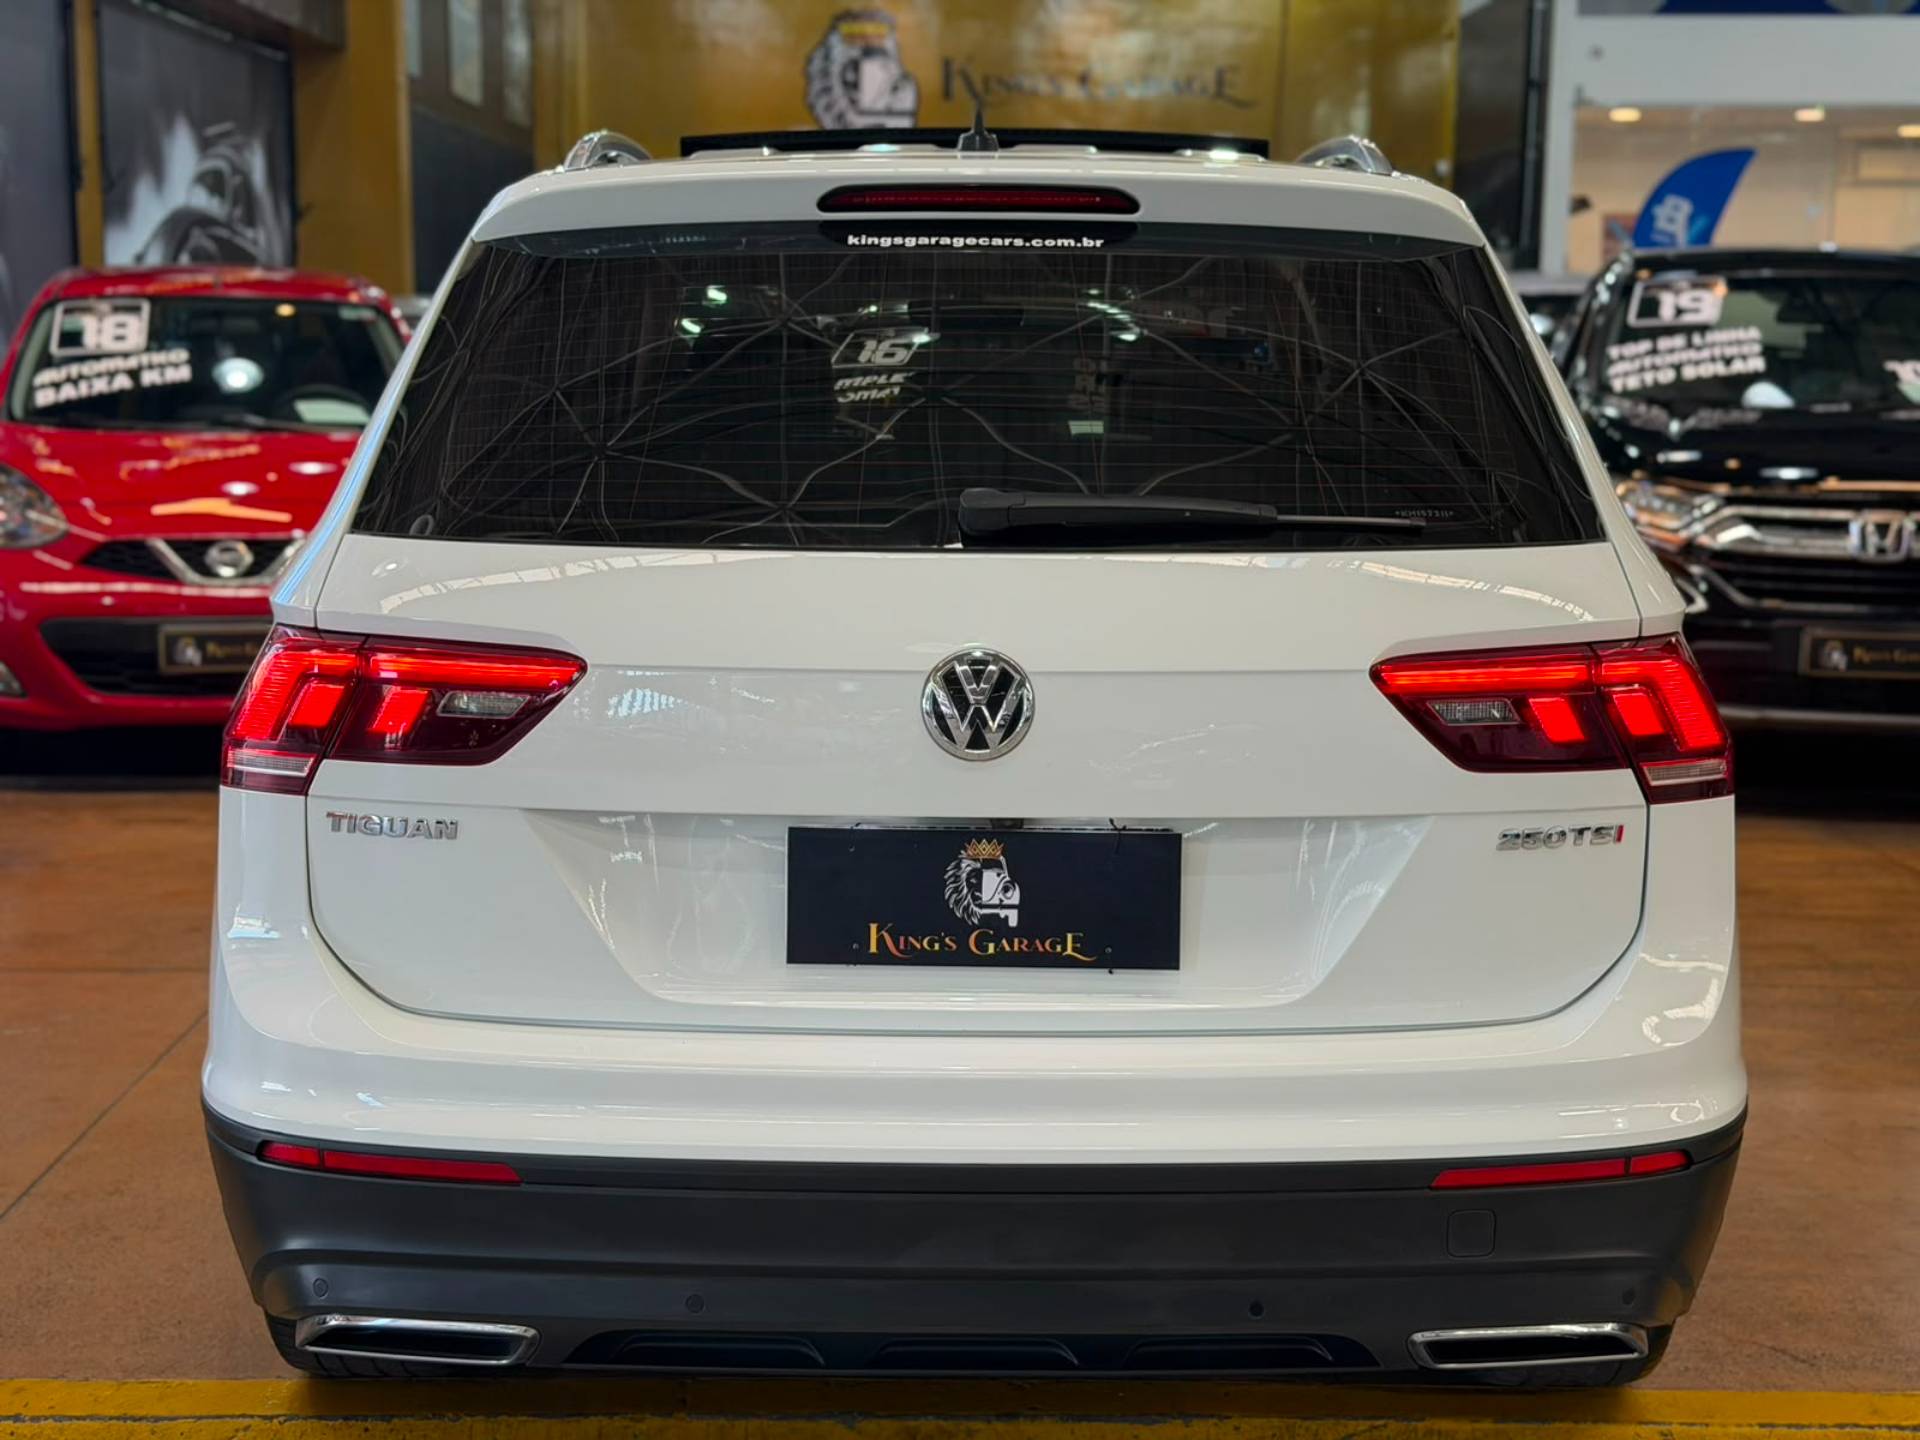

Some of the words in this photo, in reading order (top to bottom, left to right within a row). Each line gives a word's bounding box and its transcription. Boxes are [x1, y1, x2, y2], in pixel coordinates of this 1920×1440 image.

[848, 234, 1104, 248] kingsgaragecars.com.br
[82, 311, 142, 352] 18
[858, 339, 911, 365] 16
[33, 372, 135, 409] BAIXA
[139, 364, 193, 388] KM
[326, 811, 459, 841] TIGUAN
[1496, 824, 1625, 851] 250TSI
[869, 922, 957, 958] KING'S
[968, 928, 1097, 962] GARAGE
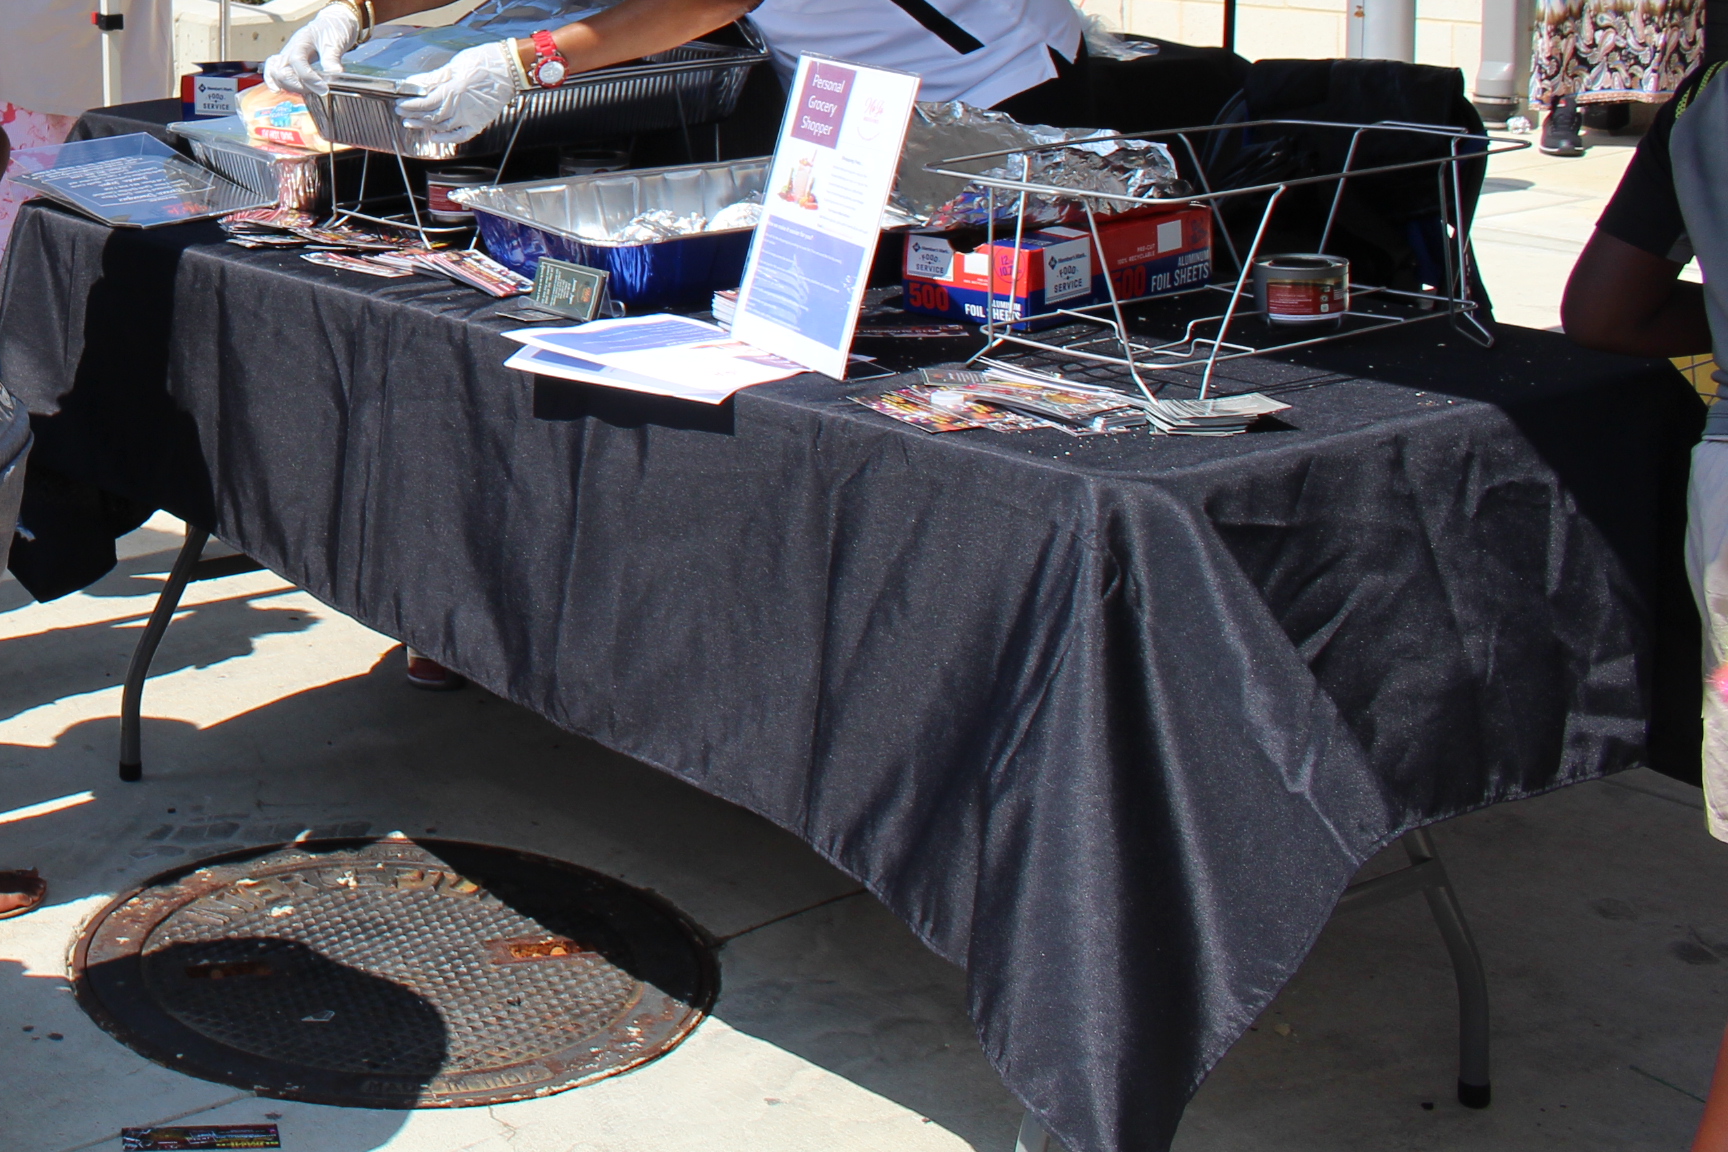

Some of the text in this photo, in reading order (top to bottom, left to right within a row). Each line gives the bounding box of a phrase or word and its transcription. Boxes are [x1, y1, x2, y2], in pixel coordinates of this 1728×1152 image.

[812, 74, 846, 94] Personal
[808, 95, 838, 118] Grocery
[801, 115, 834, 136] Shopper
[921, 254, 939, 262] FOOD
[1178, 249, 1210, 267] ALUMINUM
[916, 264, 944, 273] SERVICE
[1059, 265, 1076, 277] FOOD
[1151, 262, 1210, 293] FOIL SHEETS
[1054, 278, 1082, 293] SERVICE
[909, 282, 950, 311] 500
[964, 303, 987, 318] FOIL
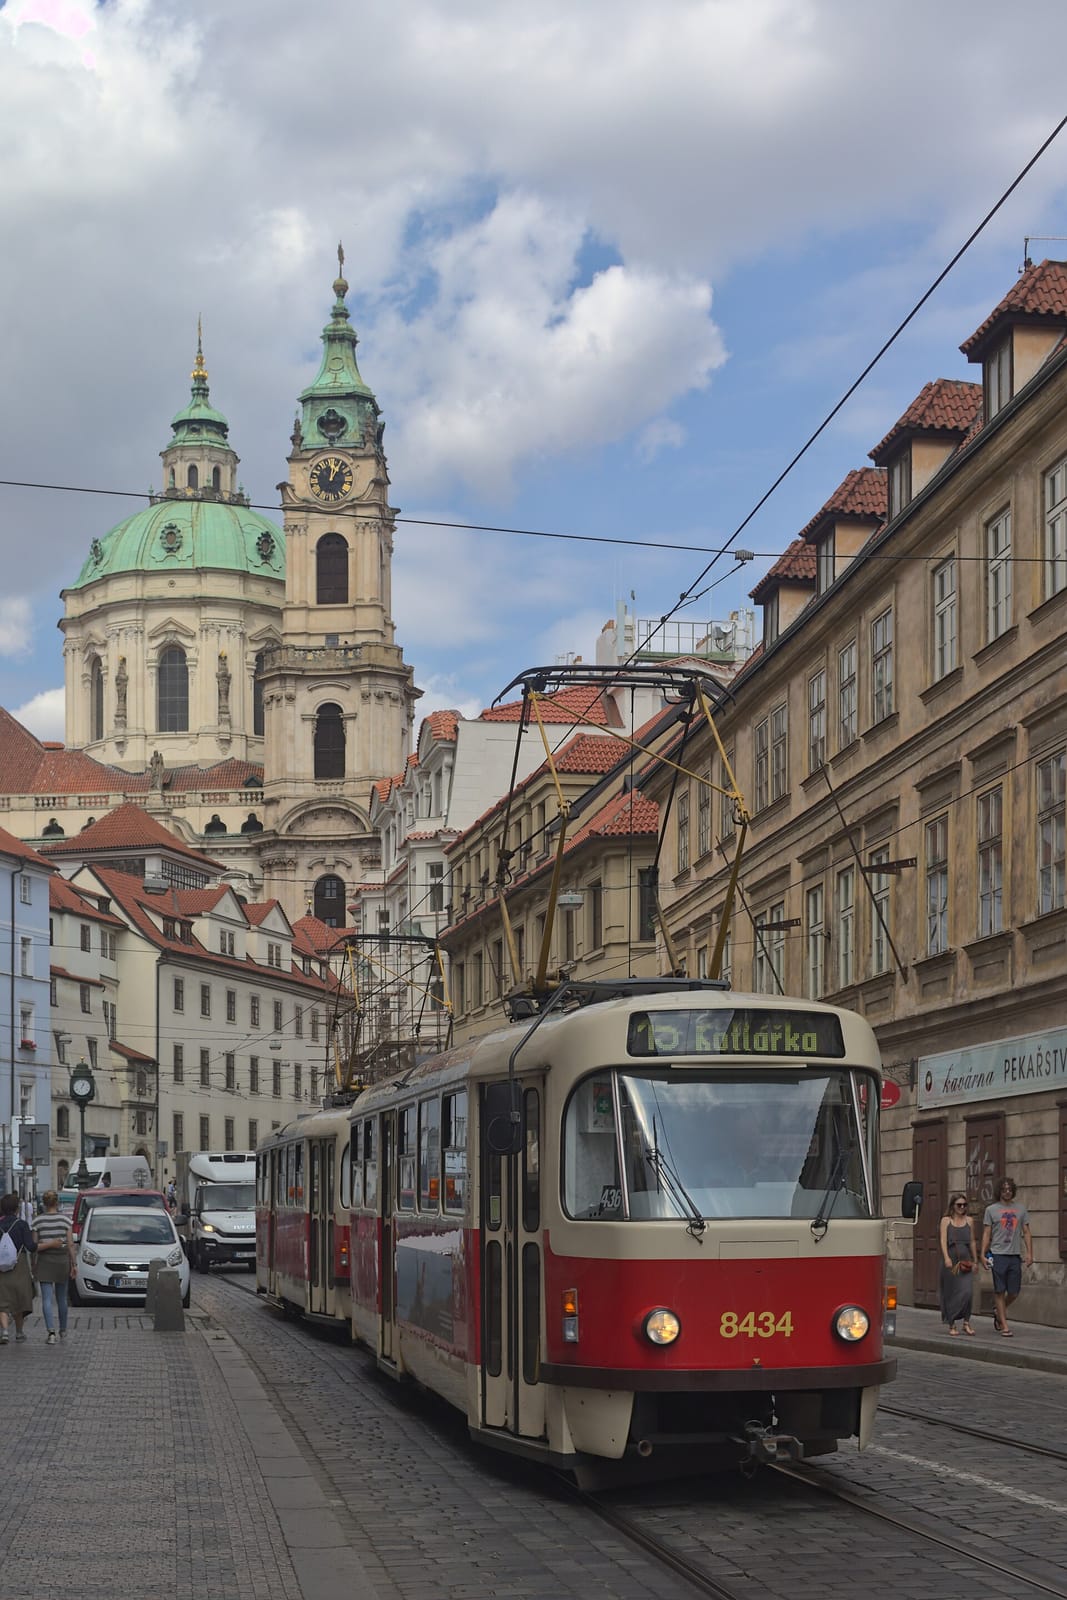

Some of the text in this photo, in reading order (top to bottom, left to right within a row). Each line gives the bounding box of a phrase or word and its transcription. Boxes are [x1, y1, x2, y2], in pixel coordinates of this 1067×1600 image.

[637, 1020, 817, 1052] 15 Kotlářka
[942, 1045, 1067, 1094] kavárna PEKAŘSTV
[719, 1311, 794, 1338] 8434

» **Task**: Without including any pictures, return every line of the records exactly.

» **Completed exercise**:
Some of the words in this photo, in reading order (top to bottom, left to right within a row). Each line gives a word's bounding box and its transcription. Boxes are [x1, y1, x2, y2], in pixel coordinates of this 1920×1440 image.

[848, 234, 1104, 248] kingsgaragecars.com.br
[82, 311, 142, 352] 18
[858, 339, 911, 365] 16
[33, 372, 135, 409] BAIXA
[139, 364, 193, 388] KM
[326, 811, 459, 841] TIGUAN
[1496, 824, 1625, 851] 250TSI
[869, 922, 957, 958] KING'S
[968, 928, 1097, 962] GARAGE

Some of the text in this photo, in reading order (top to bottom, left to right within a row). Each line gives the bounding box of a phrase or word and its transcription. Boxes are [x1, y1, x2, y2], in pixel coordinates of this 1728×1152 image.

[812, 74, 846, 94] Personal
[808, 95, 838, 118] Grocery
[801, 115, 834, 136] Shopper
[921, 254, 939, 262] FOOD
[1178, 249, 1210, 267] ALUMINUM
[916, 264, 944, 273] SERVICE
[1059, 265, 1076, 277] FOOD
[1151, 262, 1210, 293] FOIL SHEETS
[1054, 278, 1082, 293] SERVICE
[909, 282, 950, 311] 500
[964, 303, 987, 318] FOIL

Some of the text in this photo, in reading order (top to bottom, left to right within a row). Each line gives the bounding box of a phrase or word and its transcription. Boxes are [x1, y1, x2, y2], in pixel coordinates of this 1067×1600 image.

[637, 1020, 817, 1052] 15 Kotlářka
[942, 1045, 1067, 1094] kavárna PEKAŘSTV
[719, 1311, 794, 1338] 8434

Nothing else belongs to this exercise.